Elizabeth Stephens
Beth Stephens | |
|---|---|
| File:Elizabeth Stephens near Cambria, California in 2016.jpg Elizabeth Stephens near Cambria, California in 2016 | |
| Born | Elizabeth M. Stephens November 18, 1960 |
| Education | B.F.A., Tufts University (1986) M.F.A., Rutgers University (1992) Ph.D. UC Davis (2015) |
| Occupations |
|
| Employer | UC Santa Cruz |
| Notable work | SexEcology, Love Art Laboratory |
| Title | Professor |
| Spouse | |
Elizabeth M. "Beth" Stephens (born November 18, 1960) is an American filmmaker, artist, sculptor, photographer, professor and two time Chair of the Art Department at UC Santa Cruz. Stephens, who describes herself as "ecosexual", collaborates with her wife since 2002, ecosexual artist, radical sex educator, and performer Annie Sprinkle.[1]
Early life
[edit | edit source]Stephens was born in Montgomery, West Virginia, on November 18, 1960. Her family co-owned Marathon Coal-bit company.

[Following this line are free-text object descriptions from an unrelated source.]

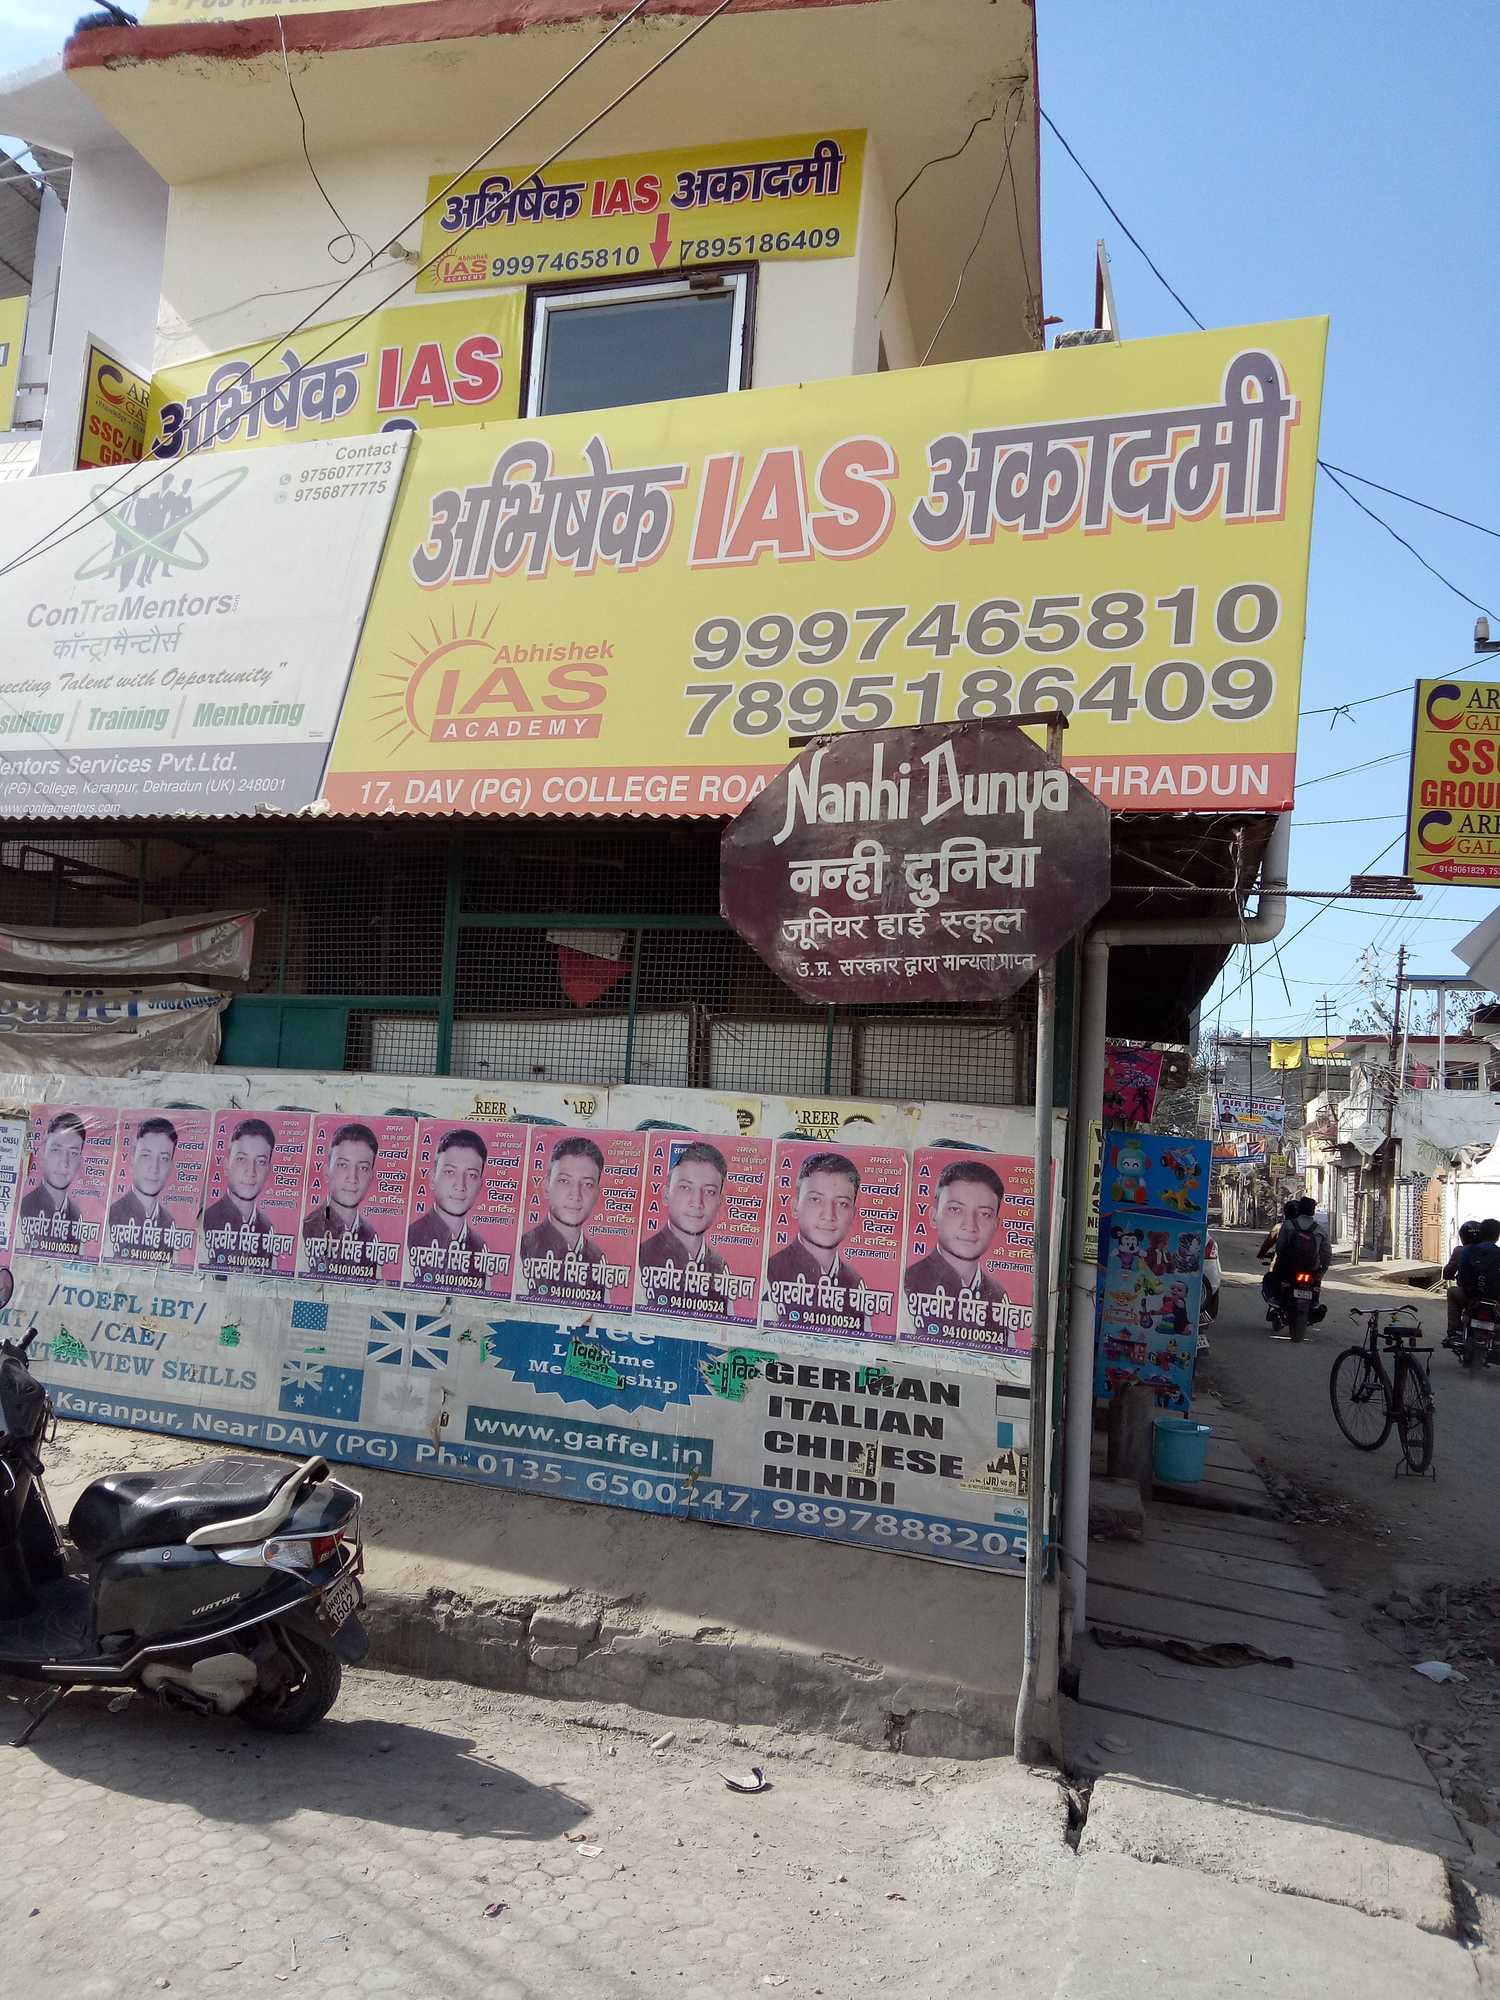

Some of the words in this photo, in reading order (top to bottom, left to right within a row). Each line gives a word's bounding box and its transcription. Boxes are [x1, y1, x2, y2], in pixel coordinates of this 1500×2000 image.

[440, 173, 586, 233] अभिषेक
[591, 174, 661, 217] IAS
[670, 138, 846, 211] अकादमी
[444, 260, 487, 276] IAS
[492, 246, 640, 278] 9997465810
[681, 227, 840, 259] 7895186409
[152, 348, 368, 459] अभिषेक
[376, 335, 501, 412] IAS
[335, 441, 397, 461] Contact
[299, 461, 392, 483] 9756077773
[410, 434, 690, 592] अभिषेक
[687, 436, 899, 570] IAS
[909, 349, 1300, 552] अकादमी
[294, 481, 387, 502] 9756877775
[27, 594, 233, 628] ConTraMentors
[692, 582, 1281, 674] 9997465810
[493, 640, 615, 666] Abhishek
[59, 673, 112, 692] Talent
[116, 668, 156, 689] with
[161, 665, 272, 689] Opportunity
[436, 663, 610, 716] IAS
[682, 657, 1277, 739] 7895186409
[88, 705, 170, 731] Training
[192, 700, 305, 729] Mentoring
[443, 718, 588, 739] ACADEMY
[0, 756, 61, 775] entors
[66, 753, 152, 775] Services
[1448, 738, 1500, 775] SS
[4, 781, 32, 796] (PG)
[143, 779, 202, 793] Dehradun
[205, 778, 235, 795] (UK)
[238, 777, 286, 793] 248001
[360, 782, 395, 810] 17,
[405, 776, 465, 804] DAV
[470, 774, 532, 809] (PG)
[542, 772, 688, 804] COLLEGE
[698, 772, 782, 802] ROA
[1072, 765, 1269, 796] EHRADUN
[772, 742, 912, 846] Nanhi
[921, 740, 1069, 839] Dunya
[1420, 780, 1500, 808] GROU
[1418, 810, 1500, 854] CAR
[1457, 840, 1500, 854] GAL
[788, 839, 891, 900] नन्ही
[904, 836, 1042, 907] दुनिया
[781, 907, 870, 951] जूनियर
[874, 908, 929, 940] हाई
[940, 908, 1026, 945] स्कूल
[839, 959, 903, 976] सरकार
[903, 956, 940, 977] द्वारा
[117, 1122, 131, 1193] ARYAN
[211, 1125, 226, 1198] ARYAN
[311, 1128, 325, 1205] ARYAN
[416, 1133, 432, 1213] ARYAN
[487, 1157, 519, 1168] नववर्ष
[604, 1164, 640, 1177] नववर्ष
[486, 1179, 518, 1190] गणतंत्र
[488, 1189, 513, 1202] दिवस
[528, 1141, 546, 1223] ARYAN
[603, 1188, 636, 1199] गणतंत्र
[647, 1147, 664, 1230] ARYAN
[728, 1172, 764, 1185] नववर्ष
[860, 1184, 900, 1197] नववर्ष
[605, 1200, 632, 1212] दिवस
[725, 1195, 761, 1208] गणतंत्र
[729, 1208, 757, 1221] दिवस
[776, 1157, 792, 1245] ARYAN
[860, 1207, 899, 1221] गणतंत्र
[914, 1164, 930, 1256] ARYAN
[863, 1221, 894, 1235] दिवस
[448, 1239, 470, 1274] सिंह
[563, 1250, 589, 1286] सिंह
[434, 1275, 483, 1289] 9410100524
[550, 1285, 602, 1301] 9410100524
[685, 1259, 711, 1293] सिंह
[671, 1298, 724, 1313] 9410100524
[817, 1275, 846, 1312] सिंह
[958, 1287, 986, 1327] सिंह
[803, 1313, 860, 1330] 9410100524
[942, 1326, 1005, 1345] 9410100524
[162, 1360, 257, 1390] SKILLS
[765, 1362, 961, 1408] GERMAN
[768, 1395, 944, 1441] ITALIAN
[473, 1416, 703, 1466] www.gaffel.in
[56, 1391, 184, 1430] Karanpur,
[192, 1413, 261, 1438] Near
[265, 1424, 329, 1458] DAV
[335, 1432, 399, 1462] (PG)
[772, 1498, 1028, 1559] 9897888205
[763, 1464, 895, 1505] HINDI

She grew up in Appalachia, moving to Boston, New Jersey, and later to San Francisco.[2] In her youth, her family attended a Presbyterian church.[3]
Career
[edit | edit source]Stephens studied Fine Arts at Tufts University, The Museum School, and Rutgers University. She worked with Martha Rosler and Geoffrey Hendricks[4] in her graduate education. She has been a professor at UCSC since 1993, chaired the department from 2006 until 2009 and again from 2017 until 2020.[5]
Love Art Laboratory
[edit | edit source]In December 2004, Stephens committed to doing seven years of art projects about love with her wife and art collaborator, Annie Sprinkle. They call this their Love Art Laboratory. Part of their project was to do an experimental art wedding each year, and each year had a different theme and color. The seven-year structure was adapted to their project by invitation of artist Linda M. Montano.[6] Sprinkle and Stephens have done seventeen art weddings, fourteen with ecosexual themes. Critics relate the project to contemporary political debates including marriage equality,[7] ecofeminism, and the environmental movement.[2][8][9] Critics also note that Stephens' work explores and challenges the validity of the boundary between what is "art," and what is "pornography."[10]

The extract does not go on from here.